TEXAS – A Dallas-area man is back home after serving more than 30 years for a crime he and his family say he did not commit.
“My baby is innocent,” said 82-year-old Lucille “Mama” Spencer at a March press conference outside the Dallas County Lew Sterrett Justice Center. Her son was being held there and she was finally about to have him back home.
“They knew he didn’t do it, but they were going to make an example out of him. Thirty-four years they’ve made an example out of my child. It’s time to cut that ‘shhh’ out,” she said right before a family member reminded her not to use profanity. “I didn’t curse, but I will! I have a reason to be mad!”
That anger has been boiling in her since 1987 when her then 22-year-old Black son, Benjamine Spencer, was arrested. News outlets report that Spencer was one of two Black men police believed robbed and killed Jeffrey Young, a 33-year-old white man.
Ben Spencer and the second man arrested, Nathan Robert Mitchell, claimed they were innocent from the beginning. It was easy for Lucille Spencer and those who knew her son best to believe his innocence – he’d never had violet past.
After only a four-day investigation, police said that Spencer and Mitchell had beaten Young and then forced him into his own vehicle before dumping him in a West Dallas alley, all while Young was still alive. According to investigators, the two then parked Young’s car and ran away.
There were no witnesses to any of these allegations, but Gladys Oliver, a woman who lived near the alley where Young’s car was found, told police she’d seen the two Black men run from the parked BMW. There was never any physical evidence found connecting the men to the crime – no fingerprints, no DNA.
The state’s case relied on Oliver’s testimony, the testimony of two men backing her claim, and a prisoner who claimed Spencer bragged about the crime.
According to the National Registry of Exonerations, even though African Americans only make up about 13% of the U.S. population, they make up half of all people exonerated for murder. They’re also seven times more likely to be imprisoned for murder than white Americans.
In 1988 ,when Spencer was sentenced to life in prison, he was newly married with a son on the way. When he lost his freedom a woman lost her husband, a boy his dad, and a mother her son.

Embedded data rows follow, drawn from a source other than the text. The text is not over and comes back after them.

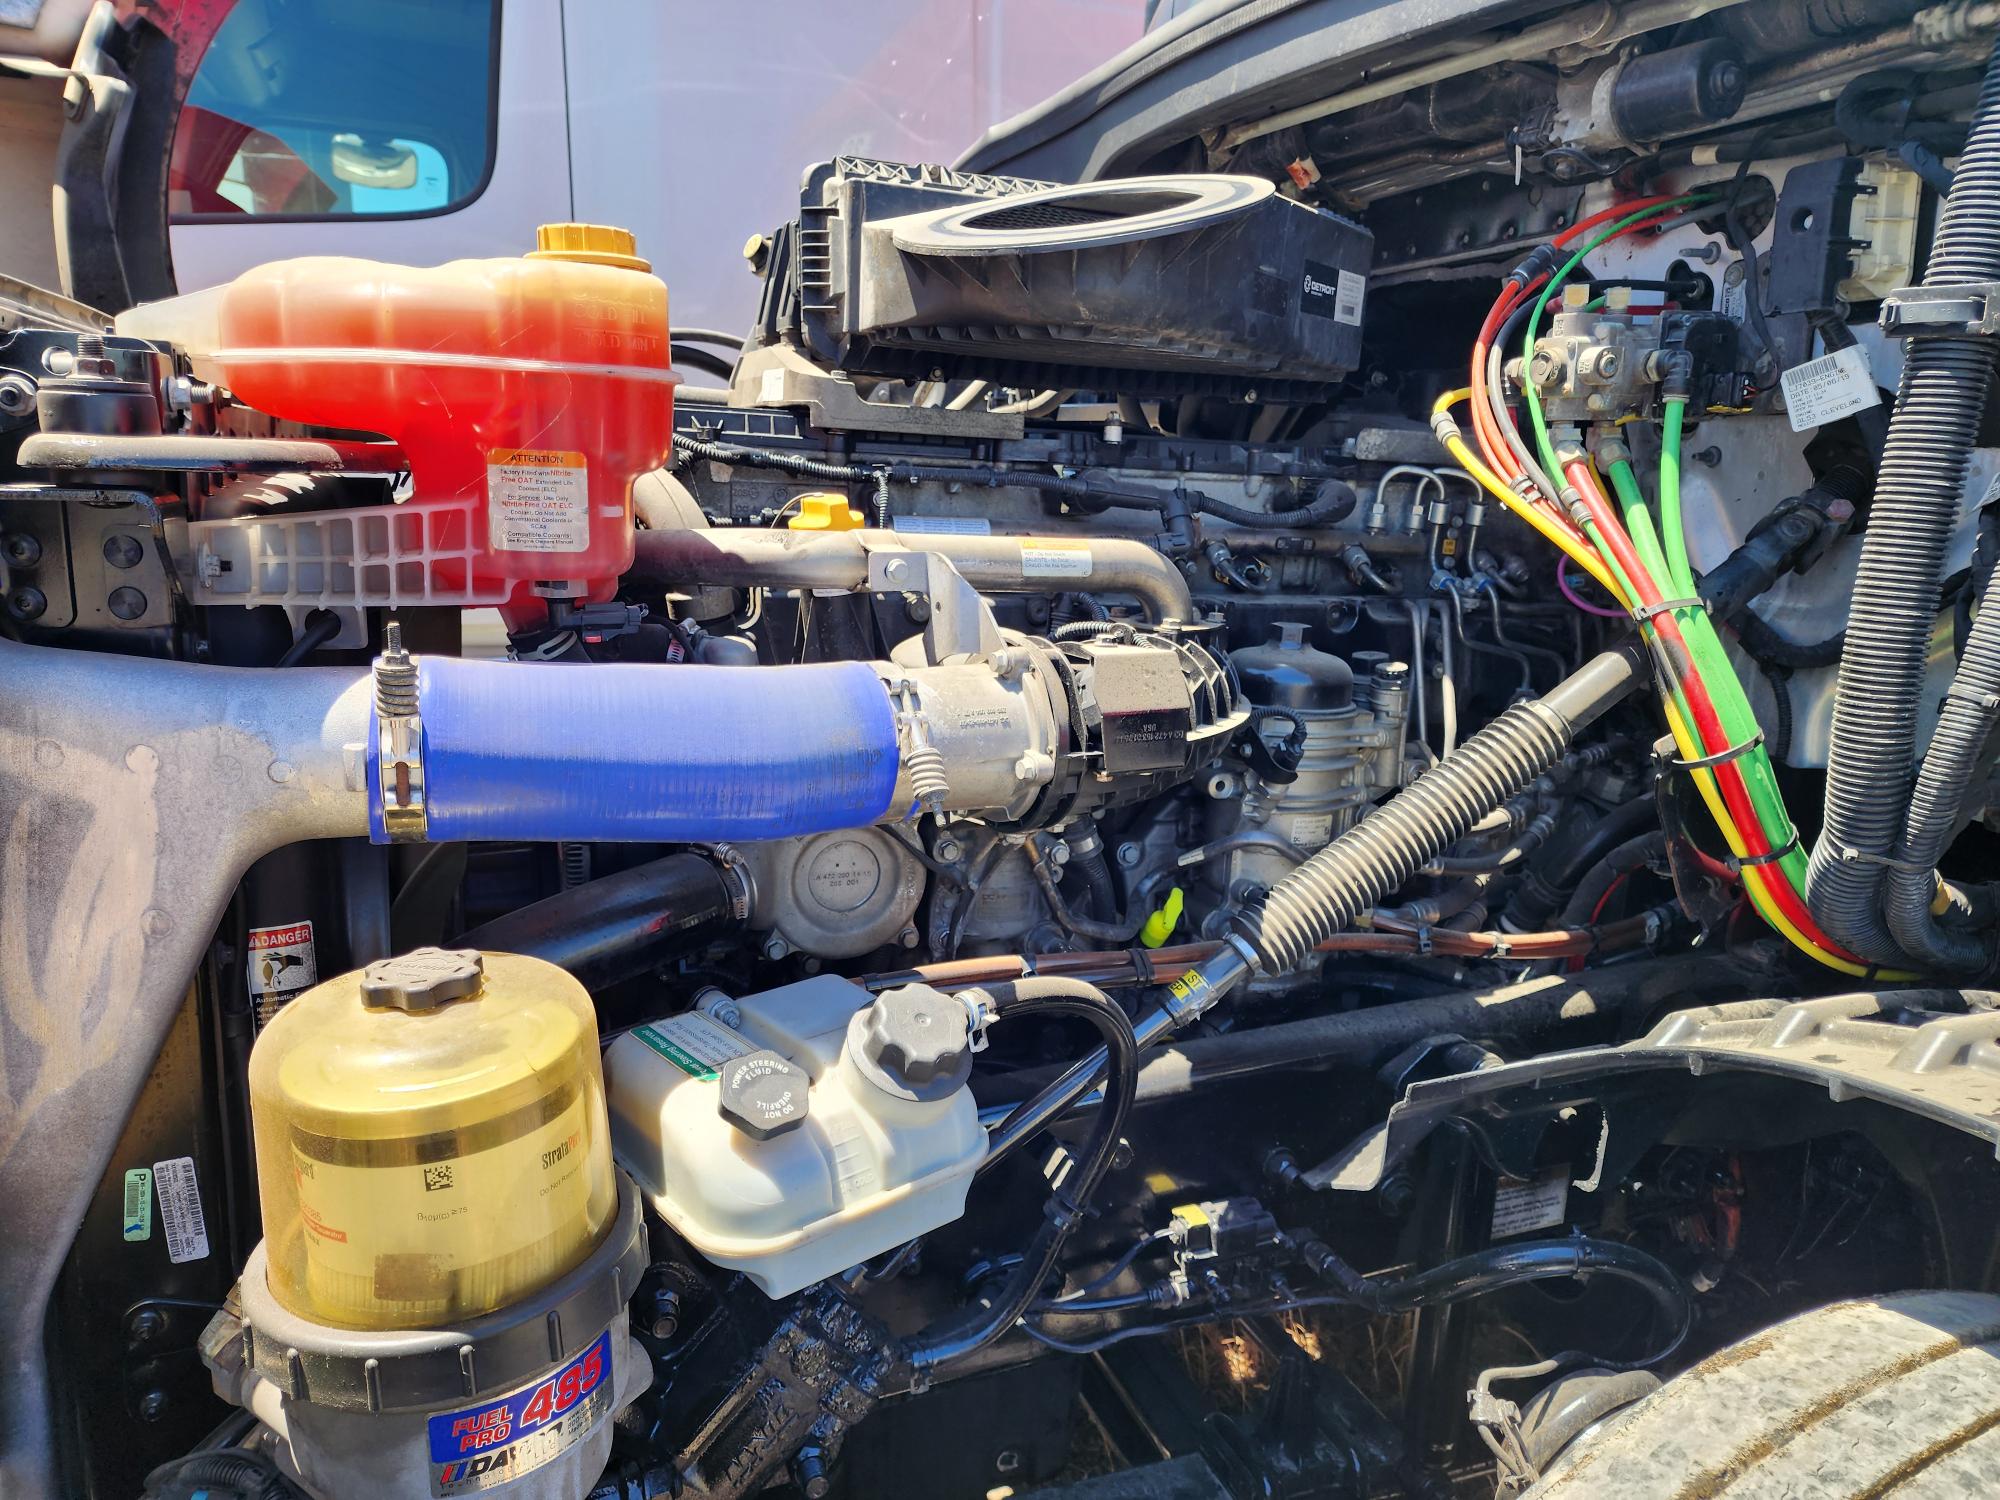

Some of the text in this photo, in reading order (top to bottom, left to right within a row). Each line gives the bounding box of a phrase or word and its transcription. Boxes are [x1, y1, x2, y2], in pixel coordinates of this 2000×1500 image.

[1311, 281, 1336, 296] DETROIT
[1820, 397, 1862, 416] CLEVELAND
[511, 454, 564, 463] ATTENTION
[501, 476, 517, 484] Free
[517, 477, 534, 485] OAT
[1142, 723, 1157, 733] USA
[261, 929, 310, 947] DANGER
[255, 993, 295, 1004] Automatic
[641, 1029, 670, 1051] Reservoir
[668, 1046, 694, 1066] Steering
[731, 1059, 789, 1089] POWER STEERING
[745, 1067, 772, 1081] FLUID
[756, 1091, 792, 1111] OVERFILL
[764, 1103, 794, 1119] DO NOT
[134, 1173, 147, 1182] P
[452, 1405, 514, 1438] FUEL
[519, 1344, 603, 1429] 485
[459, 1422, 512, 1453] PRO

“For the last 34 years I have fought for my son’s freedom,” said Lucille Spencer, “I will always fight for him – that’s a mother’s love.”
Despite those years of fighting, she’s been let down time and time again.

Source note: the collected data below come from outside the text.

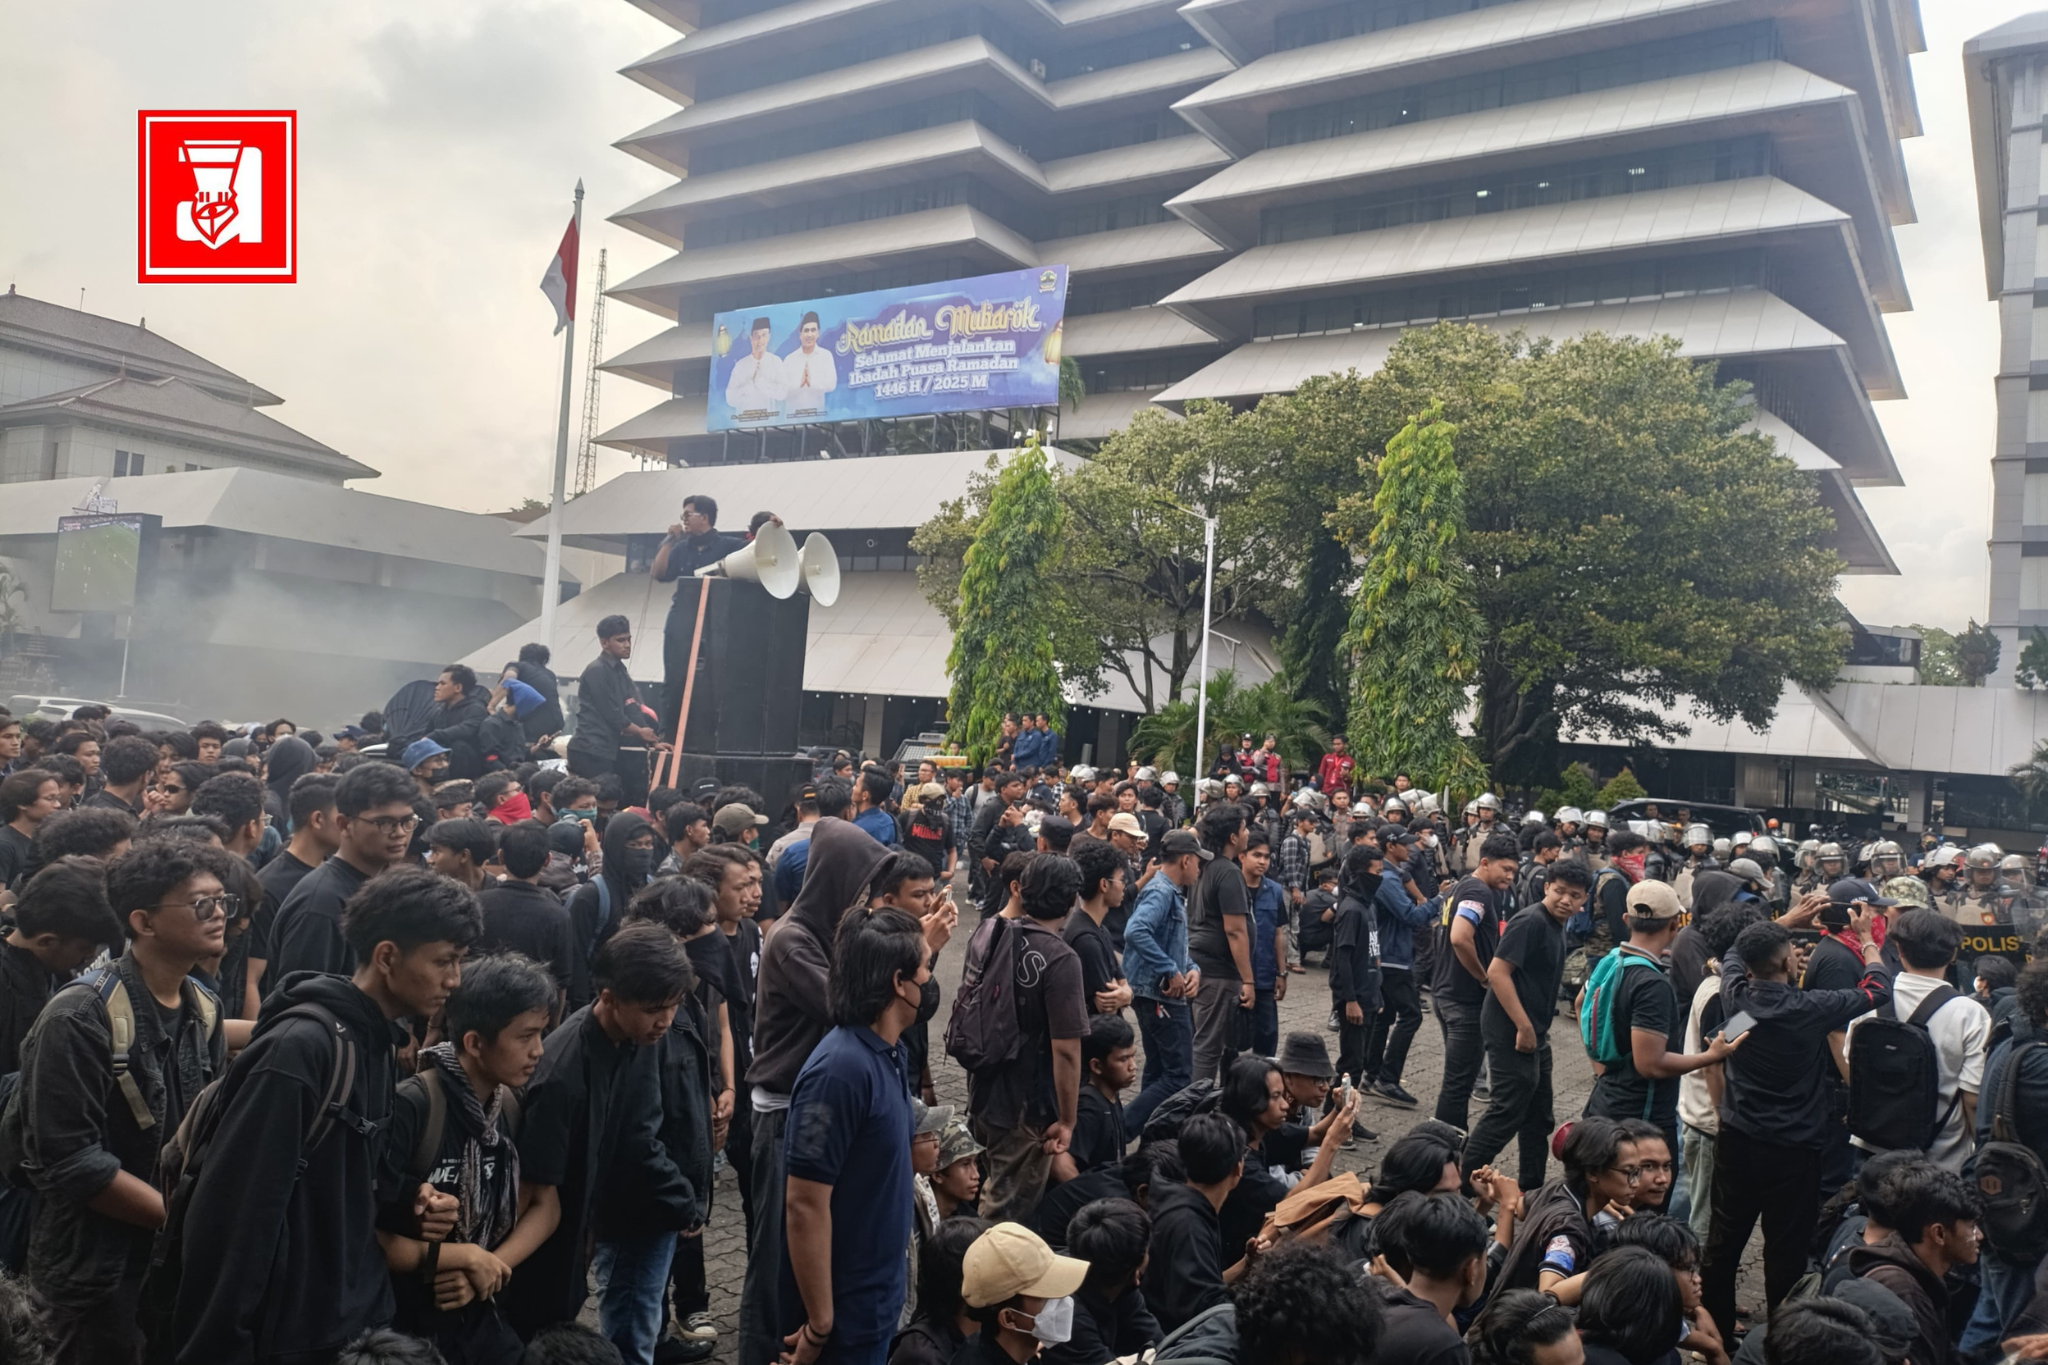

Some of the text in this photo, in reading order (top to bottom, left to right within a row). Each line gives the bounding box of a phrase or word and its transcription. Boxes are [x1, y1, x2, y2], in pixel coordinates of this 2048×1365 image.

[855, 337, 1015, 369] Selamat Menjalankan
[849, 354, 1018, 386] Ibadah Puasa Ramadan
[876, 381, 907, 398] 1446
[909, 379, 921, 393] H
[933, 376, 968, 391] 2025
[971, 374, 988, 389] M
[1961, 936, 2023, 952] POLIS

In 1988, after months of insisting he was innocent, Ben Spencer’s 1987 murder conviction was overturned. Prosecutors learned Oliver withheld that she’d received a Crime Stoppers cash reward of $580. Spencer was retried and granted a lesser charge of aggravated robbery. Even so, he was sentenced to life in prison.
At a third trial in 2007, a second judge found Spencer was not guilty; however, the Court of Criminal Appeals disagreed with the decision and kept Spencer locked up.
But in 2010, the Dallas County district attorney’s office caught Oliver in a lie. She admitted to receiving between $5,000 and $10,000 from late Dallas business magnate and billionaire Ross Perot in connection to her testimony. She expected to get $25,000 during the original trial. The DA’s office learned Perot was a friend of Young’s father.
However, in 2011 the Texas’s Court of Criminal Appeals halted Spencer’s freedom again. Even after it was known that Oliver lied about the money, the state’s highest criminal court denied Spencer a new trial, ruling there was no new evidence pointed to his innocence.
Now, though, state District Judge Lela Mays says Spencer's conviction needs to be overturned.
Mays signed a joint filing from prosecutors and defense lawyers agreeing that Oliver’s inconsistent testimonies were condemning to Spencer’s conviction.
“My baby has always maintained his innocence,” said Lucille Spencer. “If he would have just admitted he was guilty it could have meant he’d earned parole years ago, but he didn’t because he’s an honest man.”
Ben Spencer was released on March 12, 2021, on a personal recognizance bond meaning he will not be required to post money. This kind of bond is granted when a defendant has significant ties to the community and is low flight risk.
Now his case goes back to Texas’ Court of Criminal Appeals which will decide whether to vacate his conviction. If the appellate court agrees, Spencer could be retried or the case could be dismissed all together.
Until then Lucille Spencer says she’ll keep fighting for her son, “…because that’s a mother's job!”